Additionally, Vo told MedPage Today that there was no statistical difference in the number of days on opioid therapy -- 6 days with hydromorphone and 4 days with fentanyl (P=0.18), and there was no difference in cumulative opioid dose, a median of 430 mg of morphine equivalents among the patients receiving hydromorphone and a median of 464 mg of morphine equivalents among the patients treated with fentanyl (P=0.25).
"We were specifically looking to see if there were any negative outcomes," she said. "We also did look at hospital length of stay, and there were no differences there either.
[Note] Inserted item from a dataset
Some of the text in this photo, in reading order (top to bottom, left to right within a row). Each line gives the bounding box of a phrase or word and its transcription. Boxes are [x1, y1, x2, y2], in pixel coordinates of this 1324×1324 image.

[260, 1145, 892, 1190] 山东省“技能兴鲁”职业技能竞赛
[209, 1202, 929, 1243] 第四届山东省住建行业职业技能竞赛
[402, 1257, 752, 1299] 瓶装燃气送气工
Numerically there appears to be greater use of rescue medication in the patients on hydromorphone, but when you group the need for rescue medication together there are no statistical differences," she said.
"There were no differences in our clinical endpoints and that was something we were hoping to see -- that we were not doing any harm to our patients," Vo said.
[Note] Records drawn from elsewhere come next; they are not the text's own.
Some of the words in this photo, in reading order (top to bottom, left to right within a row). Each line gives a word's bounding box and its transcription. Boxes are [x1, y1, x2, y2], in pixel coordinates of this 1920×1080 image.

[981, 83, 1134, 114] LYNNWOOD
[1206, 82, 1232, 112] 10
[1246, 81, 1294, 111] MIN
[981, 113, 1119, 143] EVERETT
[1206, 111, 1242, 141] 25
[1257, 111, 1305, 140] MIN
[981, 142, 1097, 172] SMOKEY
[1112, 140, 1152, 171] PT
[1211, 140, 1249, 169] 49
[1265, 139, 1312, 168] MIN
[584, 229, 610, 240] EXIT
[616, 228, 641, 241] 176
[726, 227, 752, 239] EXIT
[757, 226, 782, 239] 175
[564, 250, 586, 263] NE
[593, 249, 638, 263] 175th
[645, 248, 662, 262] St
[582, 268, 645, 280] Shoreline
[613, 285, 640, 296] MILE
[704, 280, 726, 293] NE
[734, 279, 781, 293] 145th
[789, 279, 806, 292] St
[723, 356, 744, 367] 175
During the poster discussion session, moderator Steven Blau, MD, critical care surgeon at Good Samaritan Hospital Medical Center, West Islip, New York, asked, "If there was no shortage of fentanyl, which drug would you prefer?" Vo said she would still opt to use fentanyl. Blau persisted, "Under what circumstances would you use hydromorphone instead of fentanyl?" Vo said that if a patient had several organ dysfunctions, she might consider hydromorphone instead of fentanyl.
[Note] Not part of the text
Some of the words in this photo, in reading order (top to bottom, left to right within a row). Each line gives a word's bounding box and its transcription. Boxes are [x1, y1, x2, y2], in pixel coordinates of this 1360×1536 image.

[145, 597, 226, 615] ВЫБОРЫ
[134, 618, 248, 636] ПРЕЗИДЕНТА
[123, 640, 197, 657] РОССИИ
According the FDA, shortages of fentanyl persist in some dosing formats from two of three manufacturers, although the companies are accelerating delivery
In commenting on the study, Joel Zivot, MD, assistant professor of anesthesiology and surgery at Emory University School of Medicine, Atlanta, told MedPage Today, "Hydromorphone and fentanyl have different pharmacokinetics so I would not routinely use one instead of the other in critically ill patients.
"This study's findings that show little negative differences in these outcomes are reassuring if substitution of hydromorphone is needed due to shortages of fentanyl," he said.
Noting that the study's design was a limiting factor, Vo said that switching to hydromorphone "is not something we would recommend for routine care. This is a retrospective study. It is interesting because there are no data on this comparison. Hydromorphone (Dilaudid) has been around for a long time, but it has not been used in this setting before."
She said "sedatives and analgesics are frequently used in the intensive care unit as part of standard care to provide comfort and safety to critically ill patients on mechanical ventilation. The choice of sedative depends on clinical implications, patient specific factors, and opioids. The mainstays of sedation therapy in the intensive care unit include propofol, benzodiazepines, dexmedetomidine, and opioids. However, only opioids and dexmedetomidine provide both analgesic and sedative effects.
"The concept of providing analgesia first, supplemented by sedation when necessary, has been shown to be effective and is currently recommended by the American College of Clinical Care Medicine. The most frequently used opioids in the intensive care unit include fentanyl, morphine, and hydromorphone, but only fentanyl has been used for both intermittent and continuous administration."
Vo said her study was prompted by ongoing drug shortage situations, resulting in the use of alternative therapies. "For example, the fentanyl shortage led to an alternative use of continuous intravenous hydromorphone for sedation in critically ill patients on mechanical ventilation at this institution," she said. "Despite several differences in pharmacokinetics, hydromorphone was chosen due to similar characteristics to fentanyl compared with other opioids such as morphine, which has a longer duration of action and potential side effects from the release of histamine."
Using the hospital's electronic database to conduct the retrospective study, Vo and colleagues identified 363 patients treated between March 2012 and June 2012 who received either hydromorphone or fentanyl therapy.
After applying inclusion and exclusion criteria, the researchers were left with 170 patients, 58 of whom were treated with hydromorphone and 112 who were on fentanyl. All the patients included in the analyses had to have been on mechanical ventilation for at least 24 hours. Most of the patients included in the study were in critical care due to noncardiac related medical illnesses.
"Most of the patients in the study were on light sedation. There were only a few patients who required heavy sedation," Vo said.